Systems biology—how things work

By looking at how living things operate together, you see things you never saw before.

MATTHEW EDLUND M.D.
Contributing Columnist
health@lbknews.com

Systems biology is a new field you’ve probably never heard of that should change the way we live. It studies and models how different parts of life work, interact, communicate and operate together. It provides a very different way of thinking than the standard reductionist approach in the biological sciences, where smaller and smaller parts are studied in more minute detail.

In molecular biology, the change has required opening up the field to mathematicians, physicists, chemists and computer scientists. Getting them to work together is itself a system problem. Yet new eyes lead to new approaches. How DNA works was figured out by X-ray crytallographers, biochemists, plus physicists like Francis Crick, coming to study the biophysical nature of genes. For system problems like cancer and the often “unpredictable” side effects of drugs, such approaches are necessary.

At present, molecular biology finds itself a bit stuck. How do you figure out how tens of thousands of genes make thousands of proteins that in turn control each other’s processing and synthesis? You do the same thing mathematicians and economists do when faced with huge piles of data and too many variables—you make models.

It’s a bit like trying to understand the American economy if you only possess a very primitive map of the country. You know there are cities out there like New York and Chicago. You know there are highways between them. But you don’t know what goes on those highways. You know of cars, and perhaps trucks, but you’ve no idea who drives them or what they carry. You know nothing about communications devices like radio or television or even telephones. You sense there is something like money, but you’ve no clue as to banks or credit. You’ve got an inkling there’s a thing called climate, but you’ve no concept of how important or unimportant it is.

It’s become evident you need new systems approaches to figure out how the cell, organs and body work together. Scientists and mathematicians have created new explanatory systems, like chaos theory and complexity theory, to help. They explain how small changes in one arena have huge effects on the whole. A minor example is rheumatic fever. Parts of hearts cells are misread by the immune system as pieces of streptococcal bacteria. An otherwise harmless infection then creates an extreme immune overreaction, leading to heart disease and eventual death. The chain of causation for such an event takes in dozens of subsystems of the immune system, cell communications and brain-immune effects. The most important parts involve how biological systems work as forms of information.

Is this tough to understand? Absolutely. But when you have a sense of how such things work, you’ll be able to figure out why thalidomide causes limb abnormalities only if ingested 28 to 42 days after conception; why phen-fen cut people’s weight at the same time it destroyed heart valves; why heavily radiating one group of cells leaves them untouched, yet kills cells nearby, unradiated cells.
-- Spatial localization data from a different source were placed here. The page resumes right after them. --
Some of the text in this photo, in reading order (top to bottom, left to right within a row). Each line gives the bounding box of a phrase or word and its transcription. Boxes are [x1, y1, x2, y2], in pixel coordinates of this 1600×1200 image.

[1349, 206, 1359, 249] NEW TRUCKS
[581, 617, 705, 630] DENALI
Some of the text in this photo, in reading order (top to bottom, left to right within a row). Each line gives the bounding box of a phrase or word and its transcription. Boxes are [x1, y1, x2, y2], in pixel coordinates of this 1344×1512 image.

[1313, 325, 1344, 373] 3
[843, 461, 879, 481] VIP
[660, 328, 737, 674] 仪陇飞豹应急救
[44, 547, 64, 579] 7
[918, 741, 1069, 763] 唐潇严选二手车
A different, non-biological example of how such systems operate is the modeling devised to explain global warming. Though in many ways far less complicated than what systems biology is trying to tackle, climate change involves hundreds of different variables and dozens of different ways of putting them together.

The models that result frequently differ in their expected results. If you change the assumptions just a little, the Arctic summer ice cap disappears in 2040, 2060 or 2090.

Yet while there is overall disagreement about some endpoints, there is widespread agreement among scientists, though not corporations or politicians, of what the different models mean. The world is warming, and human activity is affecting it. The disappearing polar bears are the canaries in the mine. We live in that mine.

The different models of global warming change as the data improves. More data, more information, more predictive models. These models will then help provide the information we need to prevent, modify and adapt to the world’s changing climate.

Similar results will occur with systems biology. By looking at how living things operate together, you see things you never saw before. They should improve personal and public health in ways not yet thought.

One part of this emerging picture is that of bioenergetics, or how energy flows through the cells and the body. Though many of the specifics are not worked out, they possess implications for daily life in areas like food, activity and rest.